Two Massachusetts women who purchased undergarments infused with capsules of caffeine and vitamins are suing the lingerie companies that manufactured them, alleging the products failed to live up to claims that they would melt away fat.
Annique Bellot of Newton and Tara Stefani of Hingham filed a proposed class-action lawsuit in US District Court in Boston this week against Maidenform Brands LLC and Wacoal America Inc., joining other women who have recently brought cases against the companies for allegedly misrepresenting the garments’ powers.

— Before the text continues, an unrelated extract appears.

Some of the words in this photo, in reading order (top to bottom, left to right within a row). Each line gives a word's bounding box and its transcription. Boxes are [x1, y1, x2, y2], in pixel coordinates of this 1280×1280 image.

The Massachusetts suit states that the slimming shapewear, constructed with microcapsules containing caffeine, Vitamin E, fatty acids, and other ingredients that are absorbed by the skin, is marketed as a way to “permanently change women’s body shape and skin tone.” The products cost 50 to 60 percent more than identical garments that do not have the microcapsules, according to the suit.
The two undergarments named in the complaint, the $38 Flexees Instant Slimmer shapewear by Maidenform, and Wacoal’s $60 iPant, are both made with a fabric called Novarel Slim, produced by the Spanish company Nurel. Wacoal claimed the “anti-cellulite” iPant, referred to as “hope on a hanger,” would “reshape your lower body in 28 days with lasting results,” according to the suit, if worn eight hours a day, seven days a week, and would continue to work even after 100 washes.

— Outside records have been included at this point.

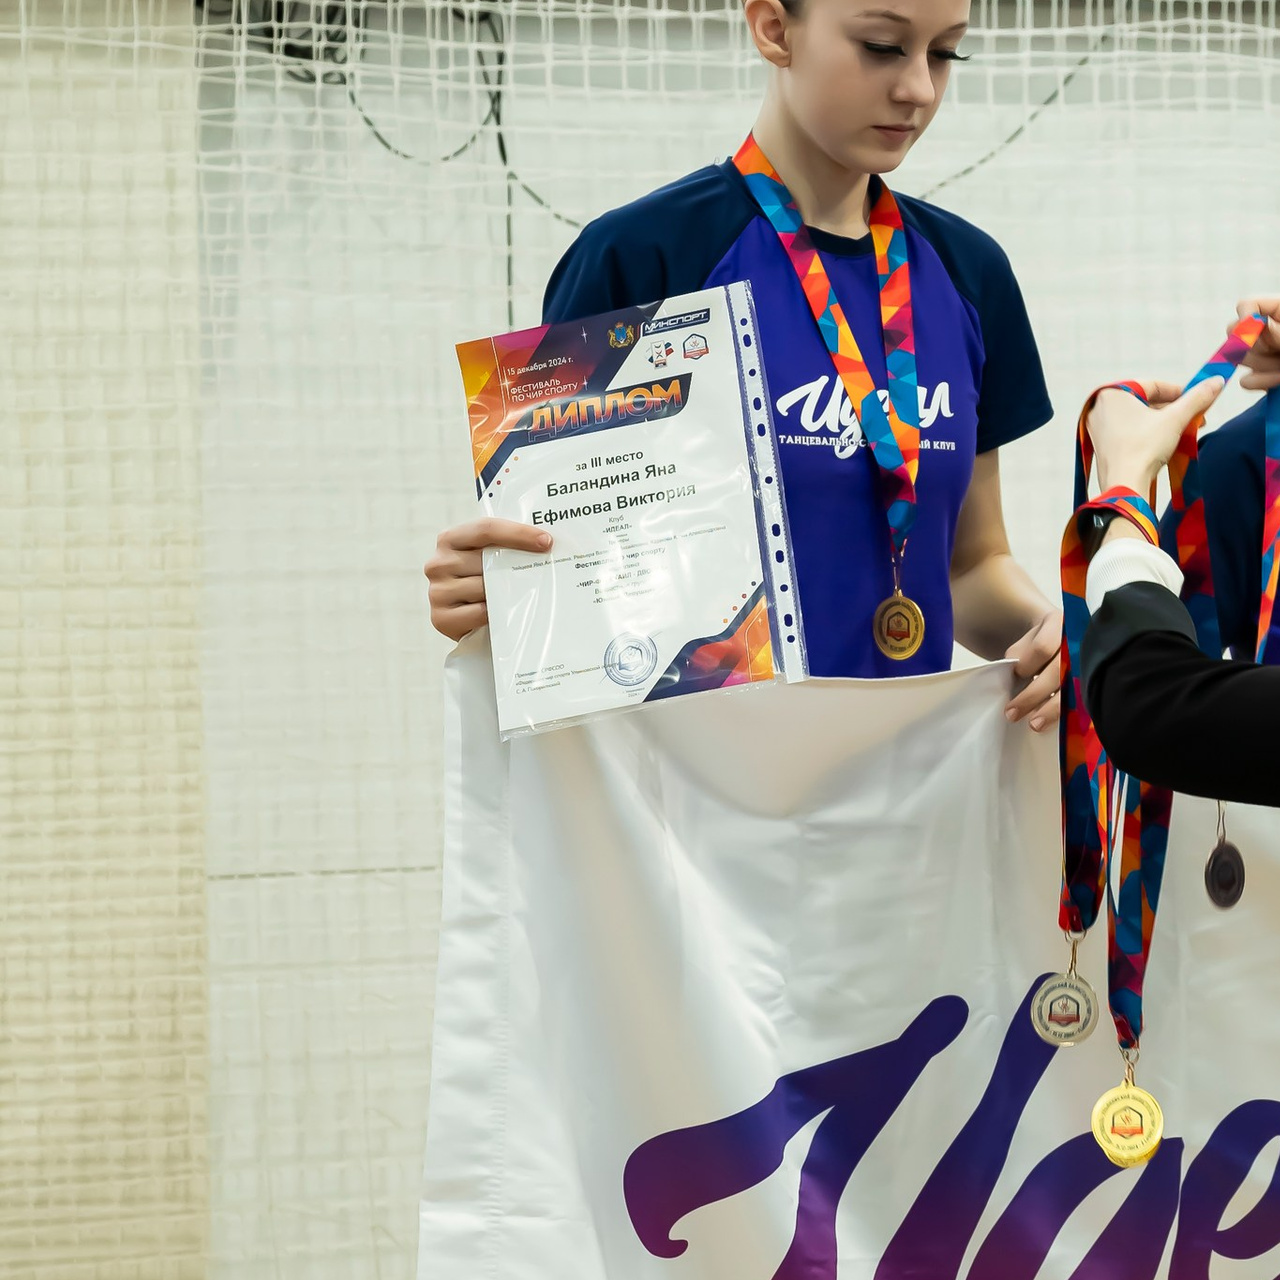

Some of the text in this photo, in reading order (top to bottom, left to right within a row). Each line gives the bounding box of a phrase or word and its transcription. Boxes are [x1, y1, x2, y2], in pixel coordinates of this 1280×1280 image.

[644, 311, 708, 331] МИНСПОРТ
[507, 367, 515, 376] 15
[516, 362, 548, 375] декабря
[548, 357, 568, 369] 2024
[510, 378, 561, 395] ФЕСТИВАЛЬ
[511, 381, 578, 403] ПО ЧИР СПОРТУ
[528, 378, 683, 443] ДИПЛОМ
[575, 450, 644, 472] за III место
[547, 463, 677, 497] Баландина Яна
[532, 484, 697, 526] Ефимова Виктория
[608, 515, 624, 524] Клуб
[575, 557, 617, 570] Фестивал
[626, 550, 640, 560] чир
[641, 547, 666, 557] спорту

“It’s very unfortunate that there are companies out there that are preying on people’s insecurities with claims that may not be supportable by science,” said Newton lawyer Mathew Pawa, who is representing the plaintiffs.
Nurel’s website says that its nylon microfiber “incorporates active principles helping to control cellulite appearance during the garment use” and that after 28 days of use women reported a slimming effect and a reduction in cellulite. Plaintiffs Bellot and Stefani purchased their undergarments during the last week of March, according to the suit. Nurel was not named as defendant in the suit.

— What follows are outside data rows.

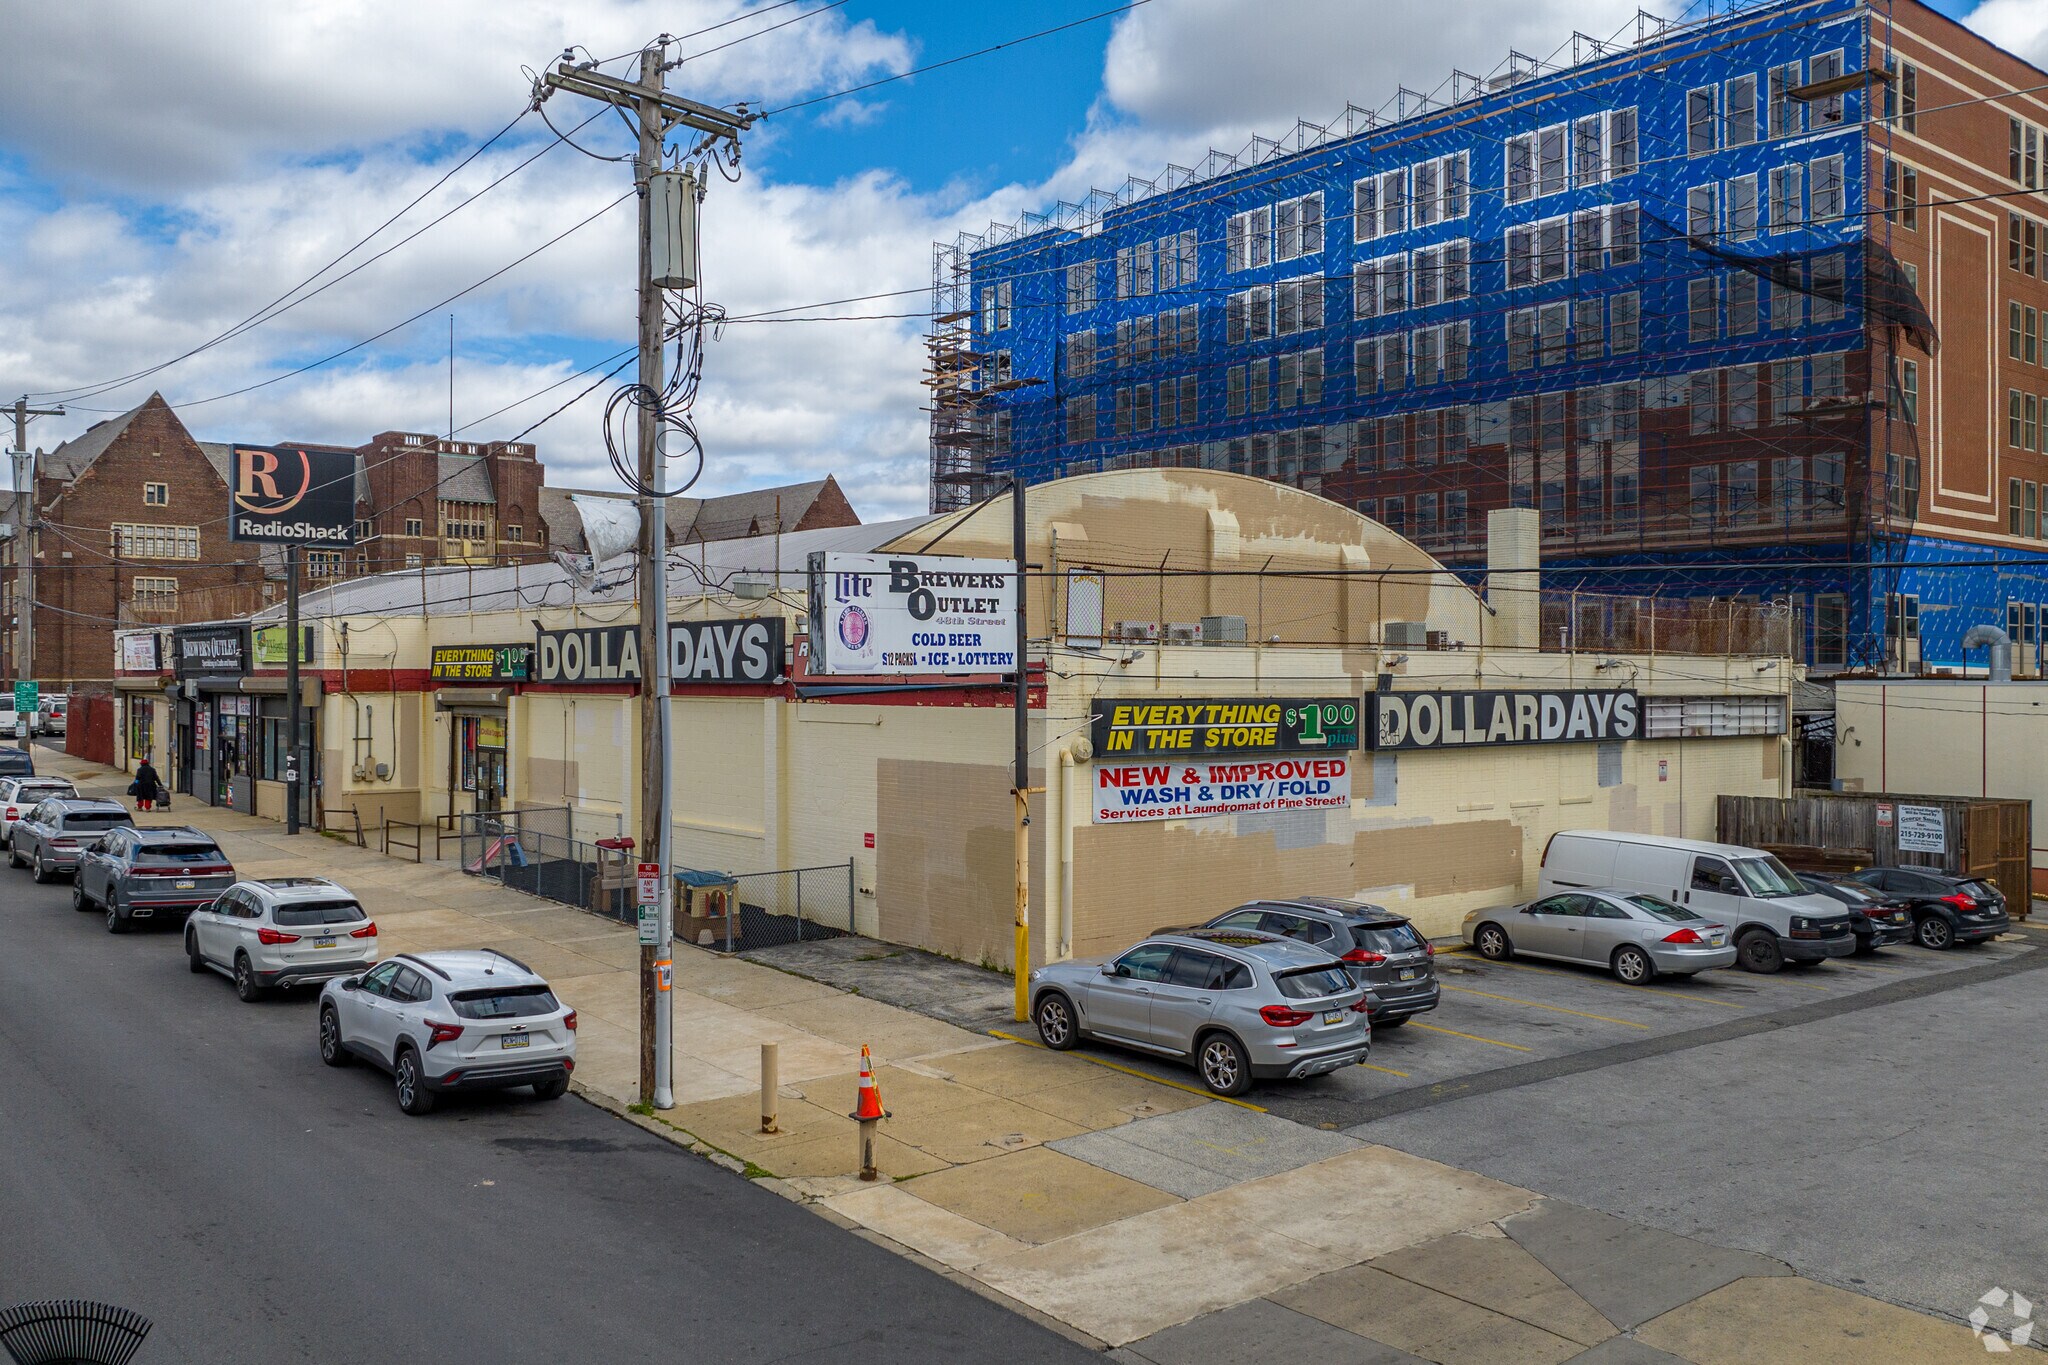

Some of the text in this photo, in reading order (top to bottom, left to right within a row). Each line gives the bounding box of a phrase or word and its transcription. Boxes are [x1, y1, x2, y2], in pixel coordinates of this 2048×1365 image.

[239, 519, 348, 541] RadioShack
[889, 560, 1005, 593] BREWERS
[834, 572, 873, 604] Lite
[907, 587, 1000, 621] OUTLET
[935, 616, 1006, 626] 48th Street
[211, 637, 237, 658] OUTLET
[911, 633, 982, 647] COLD BEER
[435, 648, 494, 662] EVERYTHING
[928, 652, 949, 666] ICE
[958, 652, 1014, 666] LOTTERY
[432, 664, 493, 677] IN THE STORE
[512, 665, 526, 679] plus
[1112, 704, 1281, 725] EVERYTHING
[1107, 727, 1278, 750] IN THE STORE
[1327, 728, 1356, 748] plus
[1099, 760, 1346, 788] NEW & IMPROVED
[1120, 787, 1191, 805] WASH
[1198, 785, 1214, 801] &
[1100, 795, 1346, 819] Services at Laundromat of Pine Street!
[1923, 817, 1941, 825] Smith
[1900, 830, 1942, 840] 215-729-9100

Pawa’s co-counsel on the case, Tim Howard, a Tallahassee lawyer and president of Cambridge Graduate University , filed a similar suit against Maidenform and Wacoal in Florida in December.
Telling women you can lose weight “by putting coffee and whatever else you put in the fabric of underwear” is “absurd and extraordinarily crass,” Howard said. There are probably tens of thousands of women who have purchased this type of shapewear, he said.
Two women filed a nearly identical lawsuit in November in federal court in New York, which has since been transferred to New Jersey.
Nutrient-infused textiles are a $600 million annual business, according to the Massachusetts lawsuit. The plaintiffs are seeking refunds and punitive damages, as well as an injunction that would keep the companies from selling the apparel.
Susan Malinowski, vice president of marketing at Wacoal America, based in Lyndhurst, N.J., declined to comment on the pending litigation. “Wacoal as a company and a brand is well known for creating and delivering quality products to women,” she said. “We have a very passionate following of women who wear our brand, so it’s an important part of our reputation.”
A spokesman for Maidenform, which was recently bought by Hanesbrands of Winston-Salem, N.C., said in a statement that the company “has recently learned that the manufacturer of the fabric used in certain shapewear products marketed by Maidenform may be unable to provide the level of substantiation for advertising claims that Maidenform expects.” There is nothing wrong with the products, the statement said, but unsatisfied consumers are entitled to a refund.